=== SUPPLIED ENTRIES ===
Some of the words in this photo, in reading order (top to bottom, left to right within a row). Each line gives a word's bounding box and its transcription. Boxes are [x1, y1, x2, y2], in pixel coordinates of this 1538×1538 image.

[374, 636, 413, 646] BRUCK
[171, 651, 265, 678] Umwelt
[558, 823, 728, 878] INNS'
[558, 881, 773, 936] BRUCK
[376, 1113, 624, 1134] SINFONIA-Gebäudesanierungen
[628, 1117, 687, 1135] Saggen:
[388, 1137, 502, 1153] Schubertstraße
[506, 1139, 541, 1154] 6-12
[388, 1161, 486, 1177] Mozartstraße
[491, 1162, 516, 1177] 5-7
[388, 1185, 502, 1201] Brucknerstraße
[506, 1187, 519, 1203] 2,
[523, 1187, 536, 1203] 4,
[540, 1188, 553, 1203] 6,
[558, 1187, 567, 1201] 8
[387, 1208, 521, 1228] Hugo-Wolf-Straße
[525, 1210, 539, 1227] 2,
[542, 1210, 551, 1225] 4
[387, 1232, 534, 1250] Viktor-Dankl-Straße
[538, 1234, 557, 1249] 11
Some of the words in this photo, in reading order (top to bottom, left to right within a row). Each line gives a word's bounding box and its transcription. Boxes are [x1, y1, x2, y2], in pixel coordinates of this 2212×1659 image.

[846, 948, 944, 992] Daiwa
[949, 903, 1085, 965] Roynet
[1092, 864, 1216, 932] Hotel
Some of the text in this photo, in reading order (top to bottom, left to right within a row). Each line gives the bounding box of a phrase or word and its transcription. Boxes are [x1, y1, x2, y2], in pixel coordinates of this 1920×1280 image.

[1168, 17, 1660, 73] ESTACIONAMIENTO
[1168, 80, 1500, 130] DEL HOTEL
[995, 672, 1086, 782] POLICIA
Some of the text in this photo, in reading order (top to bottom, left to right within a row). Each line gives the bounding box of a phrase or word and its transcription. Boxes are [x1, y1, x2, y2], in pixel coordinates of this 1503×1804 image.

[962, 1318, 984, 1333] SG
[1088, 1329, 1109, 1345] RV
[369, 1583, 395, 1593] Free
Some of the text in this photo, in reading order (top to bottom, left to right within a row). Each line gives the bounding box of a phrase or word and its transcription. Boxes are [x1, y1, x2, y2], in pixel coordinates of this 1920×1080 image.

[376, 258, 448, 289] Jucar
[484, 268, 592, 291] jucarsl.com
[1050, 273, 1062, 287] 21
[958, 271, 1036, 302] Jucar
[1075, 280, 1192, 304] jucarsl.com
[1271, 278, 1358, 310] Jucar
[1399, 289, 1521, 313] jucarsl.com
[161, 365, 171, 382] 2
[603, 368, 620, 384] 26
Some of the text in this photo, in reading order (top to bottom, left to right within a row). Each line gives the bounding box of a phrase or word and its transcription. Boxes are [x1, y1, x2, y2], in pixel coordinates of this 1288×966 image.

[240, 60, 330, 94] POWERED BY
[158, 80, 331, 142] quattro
===
**EXERCISE BRIEF**
Reproduce the preceding entries exactly and completely.

**FINISHED EXERCISE**
Some of the words in this photo, in reading order (top to bottom, left to right within a row). Each line gives a word's bounding box and its transcription. Boxes are [x1, y1, x2, y2], in pixel coordinates of this 1538×1538 image.

[374, 636, 413, 646] BRUCK
[171, 651, 265, 678] Umwelt
[558, 823, 728, 878] INNS'
[558, 881, 773, 936] BRUCK
[376, 1113, 624, 1134] SINFONIA-Gebäudesanierungen
[628, 1117, 687, 1135] Saggen:
[388, 1137, 502, 1153] Schubertstraße
[506, 1139, 541, 1154] 6-12
[388, 1161, 486, 1177] Mozartstraße
[491, 1162, 516, 1177] 5-7
[388, 1185, 502, 1201] Brucknerstraße
[506, 1187, 519, 1203] 2,
[523, 1187, 536, 1203] 4,
[540, 1188, 553, 1203] 6,
[558, 1187, 567, 1201] 8
[387, 1208, 521, 1228] Hugo-Wolf-Straße
[525, 1210, 539, 1227] 2,
[542, 1210, 551, 1225] 4
[387, 1232, 534, 1250] Viktor-Dankl-Straße
[538, 1234, 557, 1249] 11
Some of the words in this photo, in reading order (top to bottom, left to right within a row). Each line gives a word's bounding box and its transcription. Boxes are [x1, y1, x2, y2], in pixel coordinates of this 2212×1659 image.

[846, 948, 944, 992] Daiwa
[949, 903, 1085, 965] Roynet
[1092, 864, 1216, 932] Hotel
Some of the text in this photo, in reading order (top to bottom, left to right within a row). Each line gives the bounding box of a phrase or word and its transcription. Boxes are [x1, y1, x2, y2], in pixel coordinates of this 1920×1280 image.

[1168, 17, 1660, 73] ESTACIONAMIENTO
[1168, 80, 1500, 130] DEL HOTEL
[995, 672, 1086, 782] POLICIA
Some of the text in this photo, in reading order (top to bottom, left to right within a row). Each line gives the bounding box of a phrase or word and its transcription. Boxes are [x1, y1, x2, y2], in pixel coordinates of this 1503×1804 image.

[962, 1318, 984, 1333] SG
[1088, 1329, 1109, 1345] RV
[369, 1583, 395, 1593] Free
Some of the text in this photo, in reading order (top to bottom, left to right within a row). Each line gives the bounding box of a phrase or word and its transcription. Boxes are [x1, y1, x2, y2], in pixel coordinates of this 1920×1080 image.

[376, 258, 448, 289] Jucar
[484, 268, 592, 291] jucarsl.com
[1050, 273, 1062, 287] 21
[958, 271, 1036, 302] Jucar
[1075, 280, 1192, 304] jucarsl.com
[1271, 278, 1358, 310] Jucar
[1399, 289, 1521, 313] jucarsl.com
[161, 365, 171, 382] 2
[603, 368, 620, 384] 26
Some of the text in this photo, in reading order (top to bottom, left to right within a row). Each line gives the bounding box of a phrase or word and its transcription. Boxes are [x1, y1, x2, y2], in pixel coordinates of this 1288×966 image.

[240, 60, 330, 94] POWERED BY
[158, 80, 331, 142] quattro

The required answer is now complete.